The High does it again to Lance, knocks off Lincoln

Mike Taylor didn’t have to read the newspaper or surf the Internet to hear the doubters. They came to him – in the form of classmates – predicting a Lincoln blowout everywhere he went: in class, in the school’s hallways, even the cafeteria.

“They said (Lincoln) was gonna kill us and Lance (Stephenson) was gonna go off,” the sophomore recalled.

He smiled.

“Watch,” Taylor told them.

The Kangaroos’ play spoke loudly enough. Behind a balanced effort led by Taylor, Boys beat Lincoln, 71-61, in Bedford Stuyvesant for the third straight year Tuesday night in PSAL Brooklyn AA action.

Stephenson, the nationally known college prospect, got his points – 37 of them and the Railsplitters’ first 12 – but the Kangaroos shut down everyone else. Only senior forward James Padgett finished with Stephenson in double figures, scoring 12. Darwin (Buddha) Ellis, the sharpshooting guard, didn’t score, still battling a broken left pinkie finger.

Sophomore guard Shaquille Stokes, in his return from a school-mandated five-game suspension for disciplinary reasons, had eight in the first half but none after. Key role players Davon Walls, Raymond O’Loughlin and Anthony Allen were scoreless.

“For me and my coaching staff and my kids, we knew we could win this game,” Boys coach Ruth Lovelace said. “My kids really feel like they belong.
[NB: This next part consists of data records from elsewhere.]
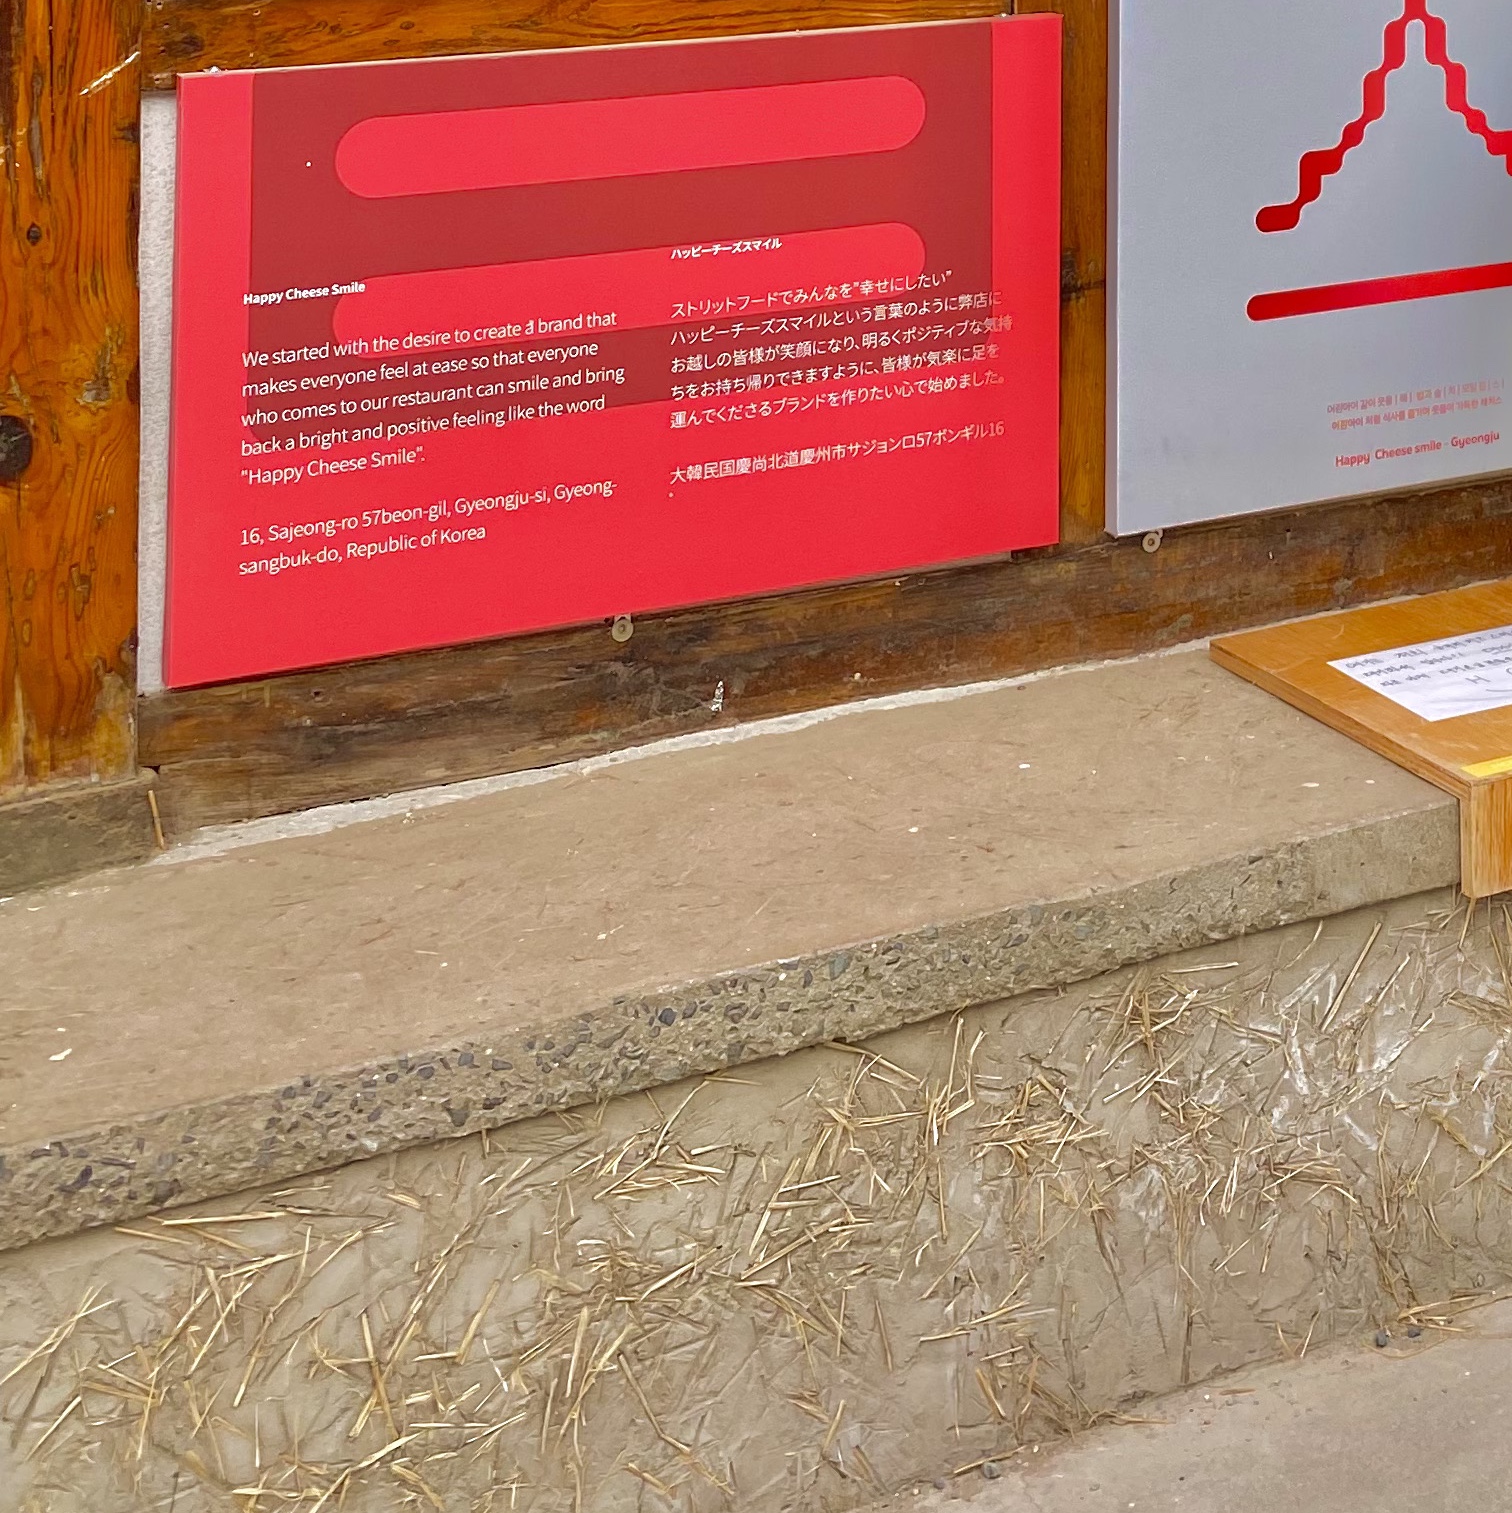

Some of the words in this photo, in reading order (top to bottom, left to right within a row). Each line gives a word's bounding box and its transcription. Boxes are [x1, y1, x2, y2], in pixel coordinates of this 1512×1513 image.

[670, 237, 782, 260] ハッピーチーズスマイル
[242, 290, 284, 305] Happy
[285, 284, 330, 301] Cheese
[331, 280, 366, 295] Smile
[241, 350, 269, 368] We
[272, 342, 330, 366] started
[332, 338, 369, 358] with
[372, 335, 400, 353] the
[402, 330, 452, 350] desire
[454, 326, 471, 345] to
[474, 322, 522, 342] create
[538, 314, 584, 333] brand
[585, 311, 618, 329] that
[241, 378, 297, 397] makes
[300, 367, 377, 391] everyone
[379, 363, 410, 380] feel
[412, 361, 429, 376] at
[431, 358, 468, 375] ease
[471, 355, 490, 370] so
[492, 350, 524, 368] that
[526, 341, 599, 366] everyone
[240, 407, 278, 427] who
[281, 401, 338, 424] comes
[340, 397, 357, 414] to
[360, 394, 389, 412] our
[392, 385, 473, 408] restaurant
[476, 381, 504, 399] can
[507, 374, 549, 395] smile
[552, 371, 583, 389] and
[585, 366, 626, 387] bring
[240, 436, 282, 457] back
[299, 427, 349, 451] bright
[351, 423, 383, 441] and
[386, 414, 450, 440] positive
[452, 408, 505, 430] feeling
[507, 404, 535, 422] like
[538, 401, 564, 419] the
[566, 395, 606, 416] word
[1335, 452, 1371, 467] Happy
[1375, 446, 1413, 460] Cheese
[1451, 430, 1500, 448] Gyeongju
[307, 455, 368, 479] Cheese
[240, 528, 265, 547] 16,
[267, 515, 359, 544] Sajeong-ro
[361, 500, 452, 528] 57beon-gil,
[454, 485, 551, 515] Gyeongju-si,
[553, 479, 618, 502] Gyeong-
[238, 547, 343, 576] sangbuk-do,
[346, 533, 418, 559] Republic
[420, 530, 438, 547] of
[440, 525, 486, 544] Korea
They don’t lay down for Lincoln. Other people might lay down for them.”

“We made them work hard on defense,” she added, “we got back in transition and we limited our turnovers.”

The Kangaroos (9-4) had five players score at least 10, led by Taylor, who tallied 19, hitting five 3-pointers. Senior forward Tyler Young followed with 17, 11 in the fourth quarter, and 15 rebounds. Anton Dickerson added 13 points and Lamount Samuell Jr. had 10 points and 10 assists to go along with 10 points and 10 rebounds by Leroy Isler.
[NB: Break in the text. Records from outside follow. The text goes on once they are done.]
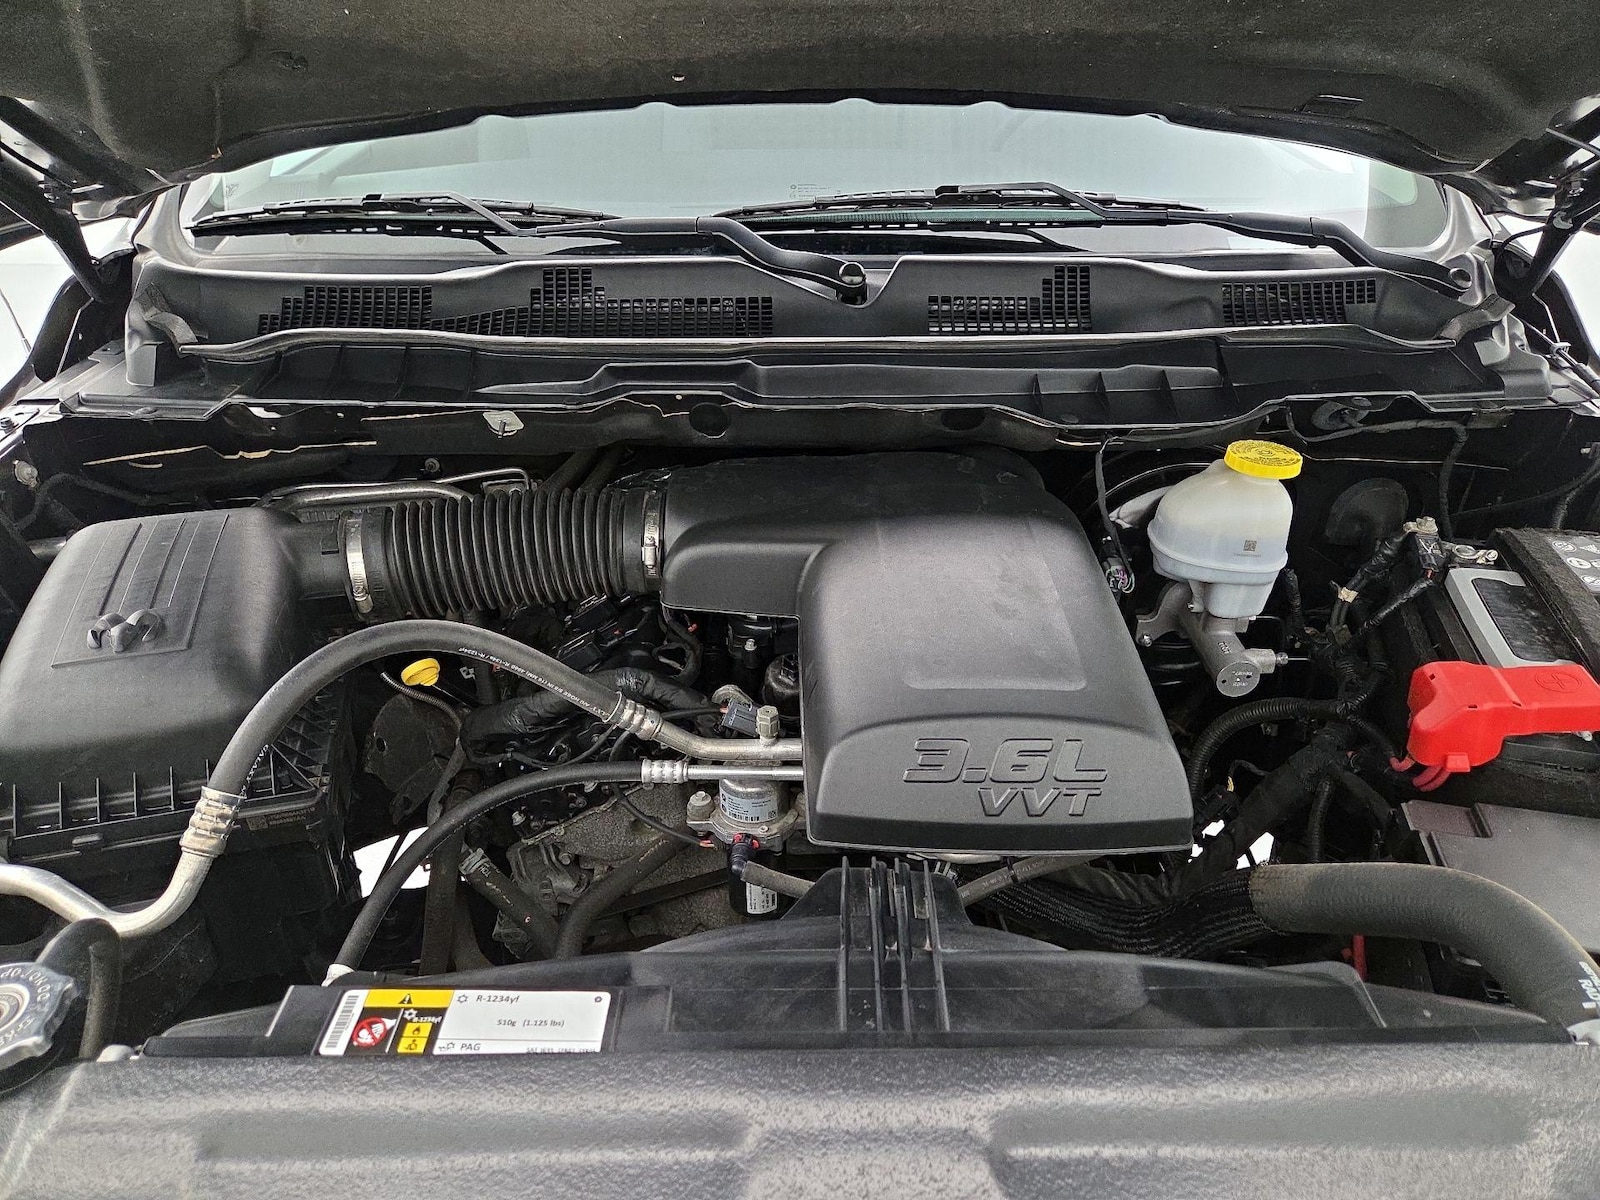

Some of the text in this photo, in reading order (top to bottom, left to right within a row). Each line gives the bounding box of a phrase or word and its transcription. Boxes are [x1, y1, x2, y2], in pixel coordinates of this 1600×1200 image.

[563, 690, 579, 702] HOSE
[246, 744, 269, 782] GALAXY
[903, 738, 1108, 783] 3.6L
[977, 787, 1102, 817] VVT
[476, 995, 521, 1004] R-1234yf
[496, 1019, 517, 1027] 510g
[522, 1019, 549, 1027] (1.125
[460, 1043, 481, 1051] PAG
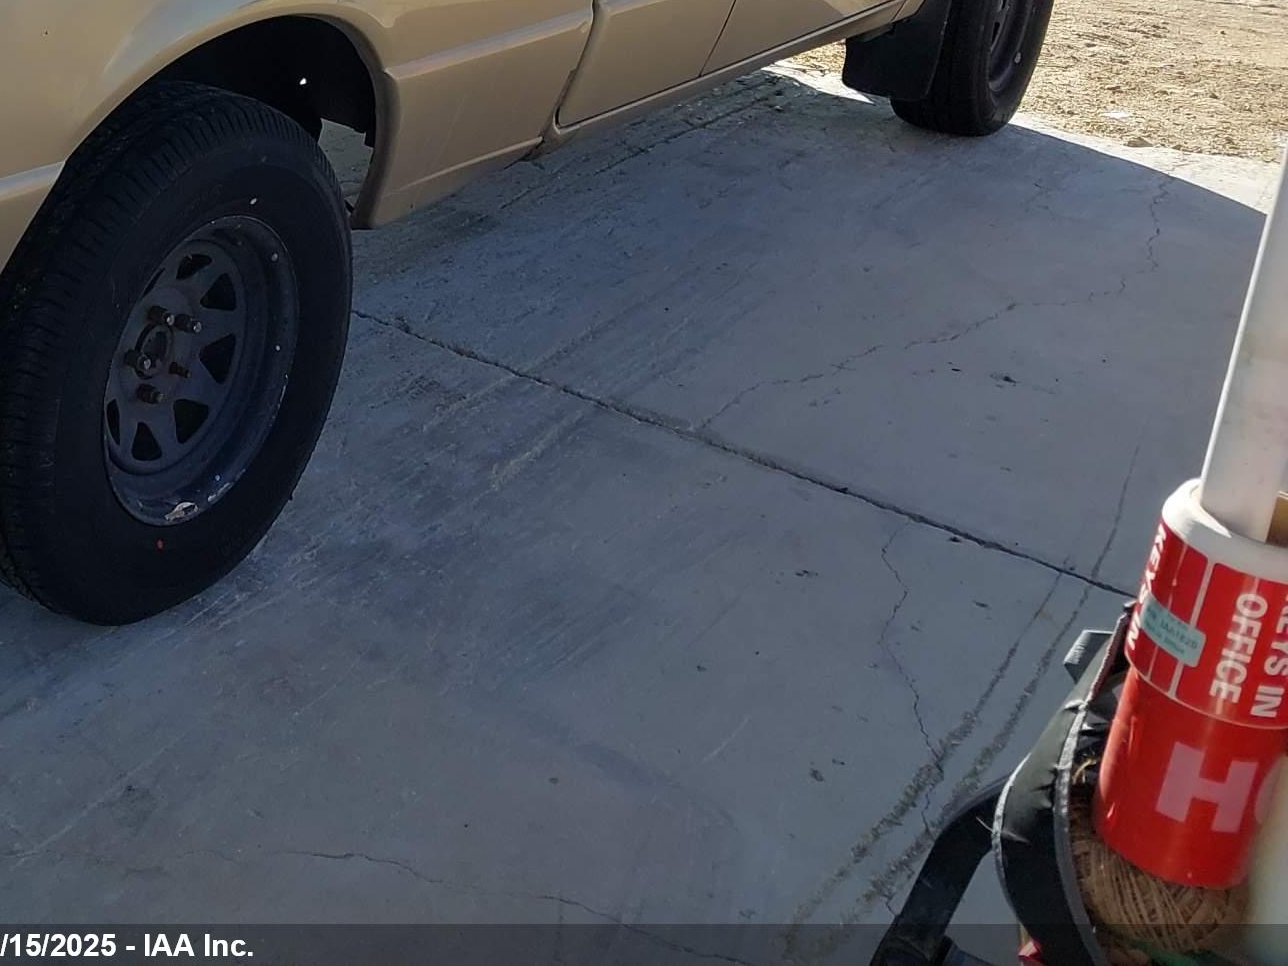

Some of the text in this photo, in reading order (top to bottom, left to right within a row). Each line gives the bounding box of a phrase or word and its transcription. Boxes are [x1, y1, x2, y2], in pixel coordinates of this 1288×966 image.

[1209, 593, 1269, 704] OFFICE
[1250, 684, 1286, 718] IN
[1155, 740, 1288, 834] H
“That’s what’s good – it shows you’re a team,” Lovelace said. “Different guys can step up.”

Over the final three quarters, a different Kangaroo took charge. Taylor almost singlehandedly kept Boys within striking distance by knocking down three 3-pointers, one longer than the next. Dickerson, the senior guard who struggled for much of December, broke out after halftime, hitting a pair of treys and scoring eight altogether in the stanza. The final quarter belonged to Young, only a reserve at this time last year.

“I watched him over the summer, so I’m not surprised,” Ellis said.
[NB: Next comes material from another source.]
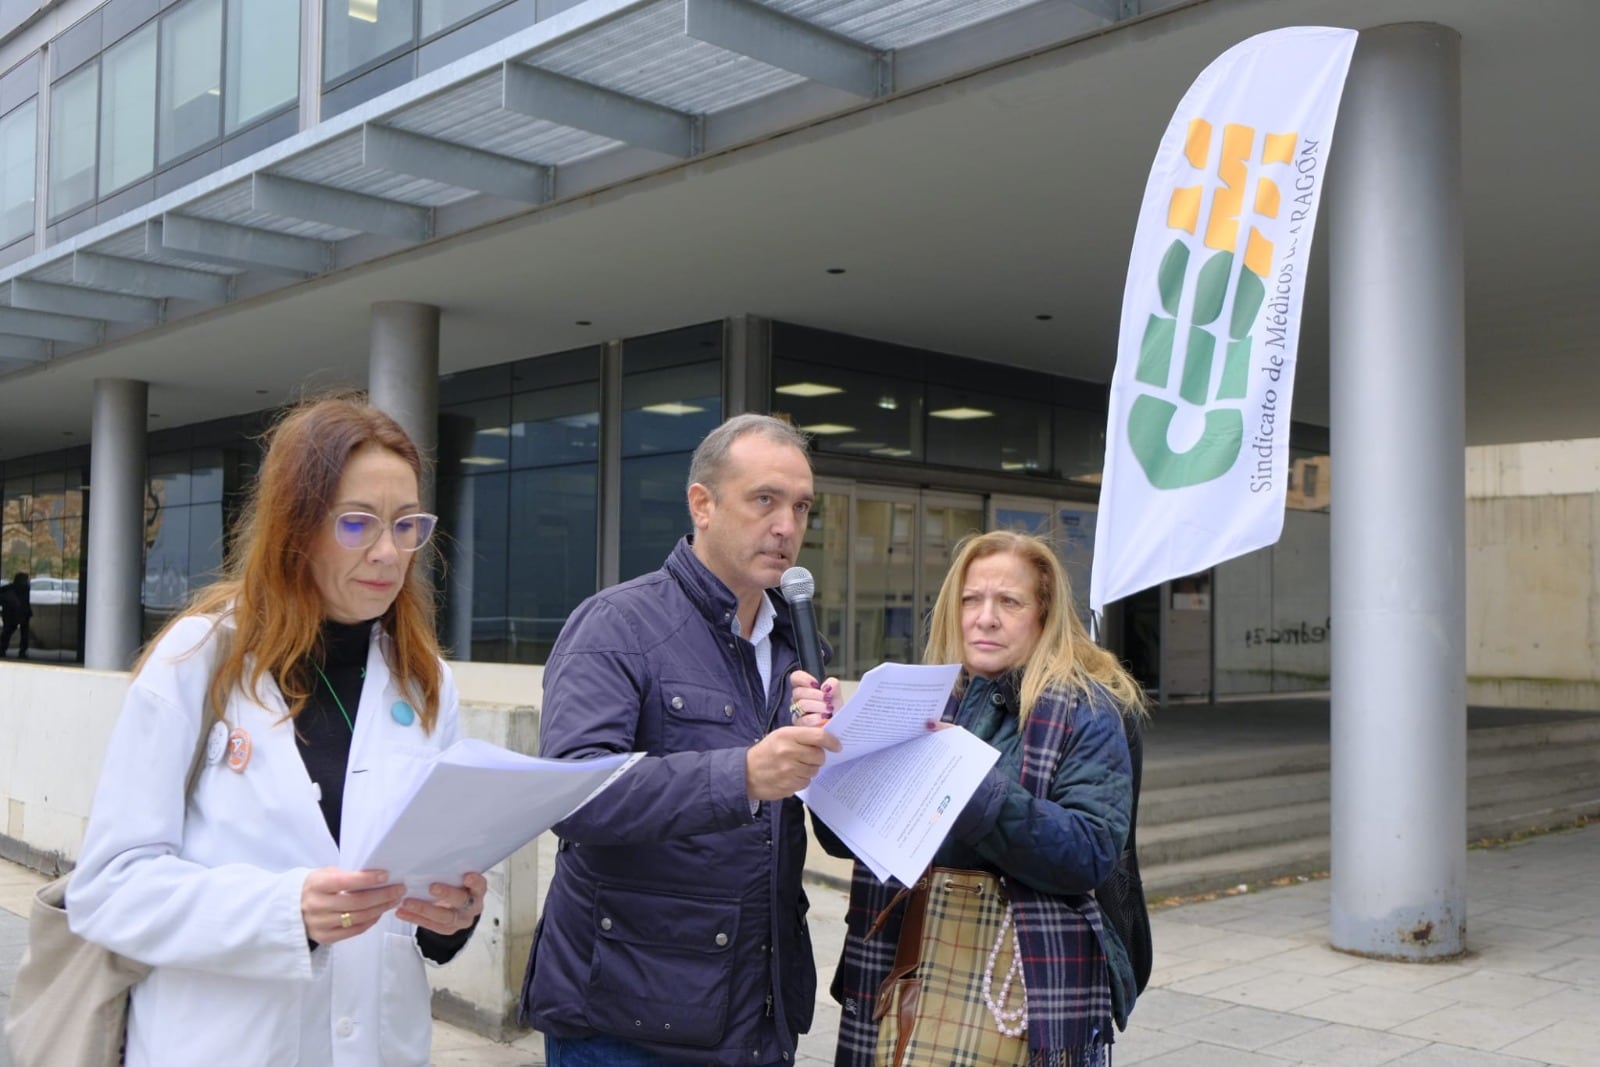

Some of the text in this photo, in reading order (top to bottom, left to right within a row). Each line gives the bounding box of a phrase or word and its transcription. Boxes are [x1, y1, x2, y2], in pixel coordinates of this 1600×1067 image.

[1265, 264, 1293, 349] Médicos
[1262, 355, 1284, 382] de
[1250, 389, 1277, 493] Sindicato
In that case, maybe Lincoln will guard him next time. Time and again, the Railsplitters (7-4) left him alone at the free-throw line extended, making sure to hug shooters Dickerson and Taylor on the perimeter. Repeatedly, he made them pay, drilling the low-arcing shot and soaring in for a pair of dunks. He scored seven consecutive points at one juncture, offsetting Stephenson’s barrage of jumpers and dunks.

“I hit my shots and I stepped up,” Young said, “but my teammates did also.”

Indeed, it was an all-around effort by The High, a team many felt would be overmatched against the three-time defending city champions. While the two squads have met in the last two city championships, Boys graduated basically its entire team. The only holdovers from that group were such reserves as Dickerson, Young, Devante Cutler in addition to Taylor, who led the JV in scoring last year, and Samuell, a transfer from Adelphi Academy.

“It showed today we belong,” Lovelace said. “Don’t overlook us anymore.”

The Kangaroos were obviously not fearful of Lincoln, particularly the precocious sophomore. Stephenson scored the Railsplitters’ first 12 points, the last two on an emphatic dunk after he picked Taylor’s pocket to build an early eight-point lead. The one-handed slam wasn’t enough however. The 6-foot-5 guard roared in glee, his face inches from Taylor’s. The underclassmen didn’t back down, responding with a flurry of feathery jumpers.

“I’m not going to change my game,” he said. “It didn’t have (an) effect on me.”

Neither did the barbs from his schoolmates, many of whom were in attendance to eat their words. Taylor said he wouldn’t seek them out in school Wednesday. The win was retribution enough.

“I’ll just look at them and smile,” he said. “We proved everybody wrong.”